__Records provided__:
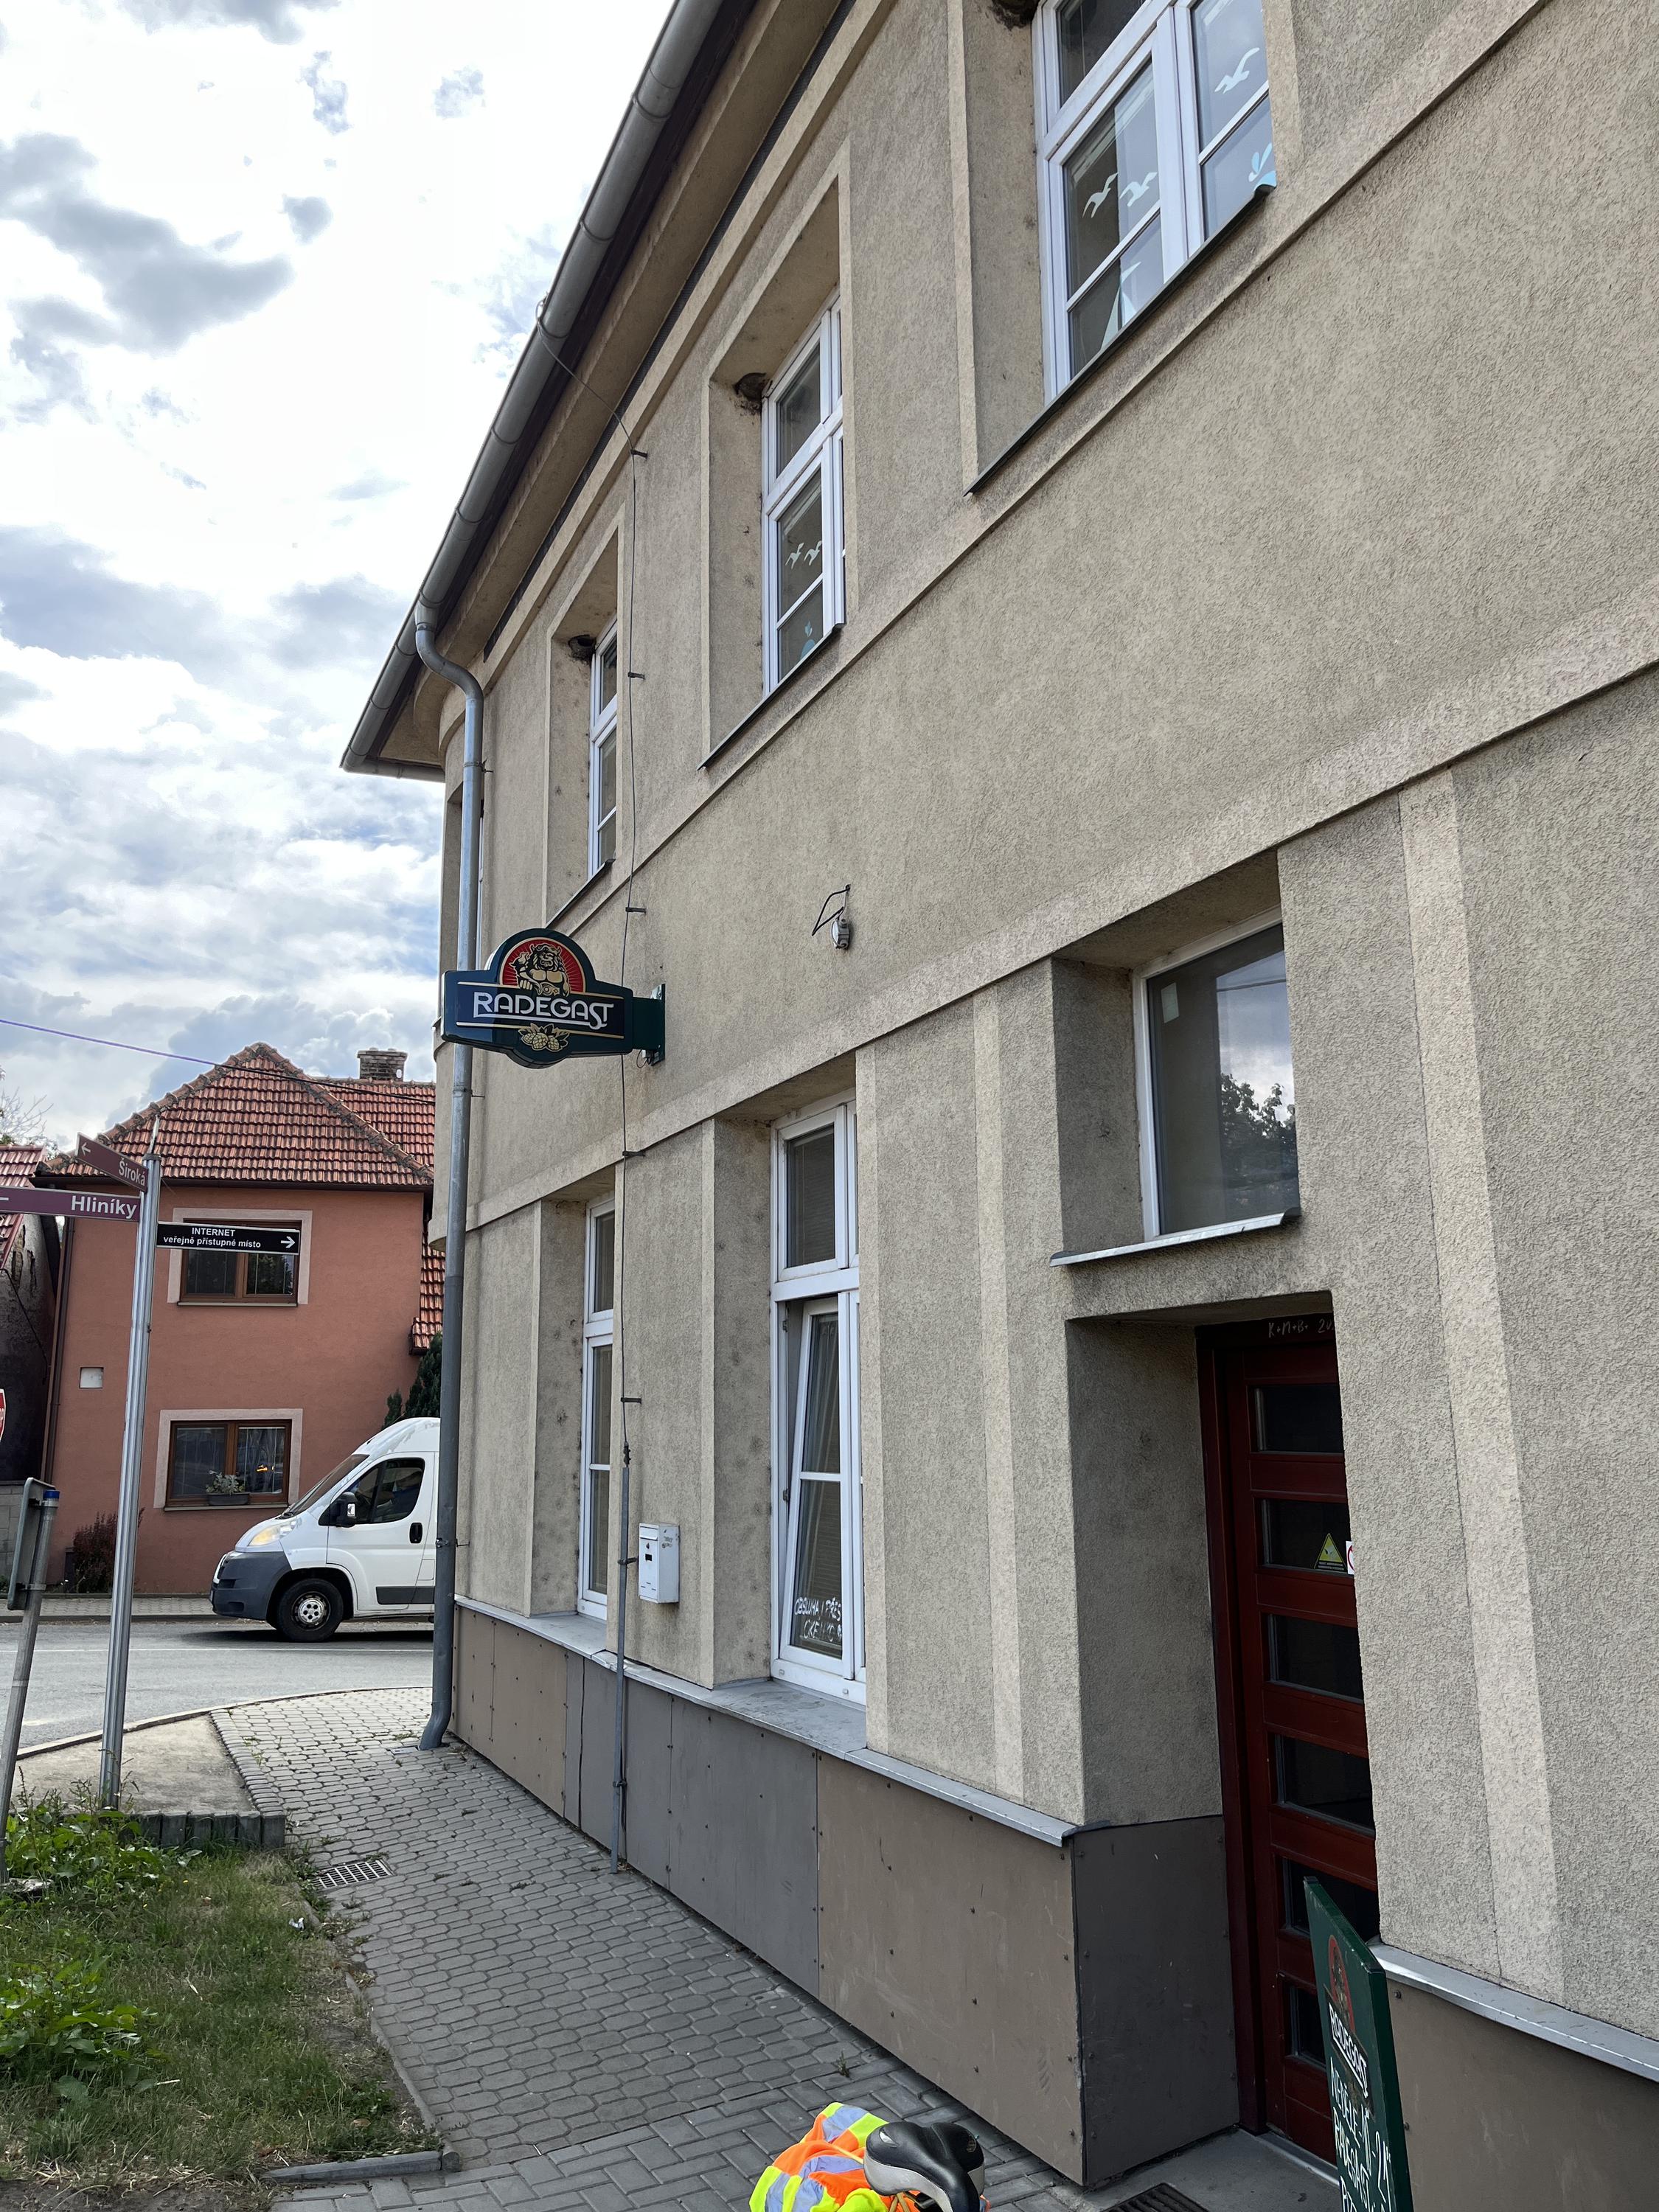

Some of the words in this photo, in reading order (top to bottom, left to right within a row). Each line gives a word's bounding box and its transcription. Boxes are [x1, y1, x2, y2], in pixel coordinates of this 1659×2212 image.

[473, 992, 614, 1030] RADEGAST
[118, 1156, 145, 1186] Široká
[71, 1194, 137, 1220] Hliníky
[163, 1235, 195, 1245] veřejně
[196, 1237, 236, 1248] přístupné
[238, 1239, 261, 1248] místo
[192, 1227, 235, 1237] INTERNET
[1328, 2002, 1368, 2099] RADEGAST

__Exercise__:
Aside from the pictures, repeat the listing exactly.

__Task response__:
Some of the words in this photo, in reading order (top to bottom, left to right within a row). Each line gives a word's bounding box and its transcription. Boxes are [x1, y1, x2, y2], in pixel coordinates of this 1659×2212 image.

[473, 992, 614, 1030] RADEGAST
[118, 1156, 145, 1186] Široká
[71, 1194, 137, 1220] Hliníky
[163, 1235, 195, 1245] veřejně
[196, 1237, 236, 1248] přístupné
[238, 1239, 261, 1248] místo
[192, 1227, 235, 1237] INTERNET
[1328, 2002, 1368, 2099] RADEGAST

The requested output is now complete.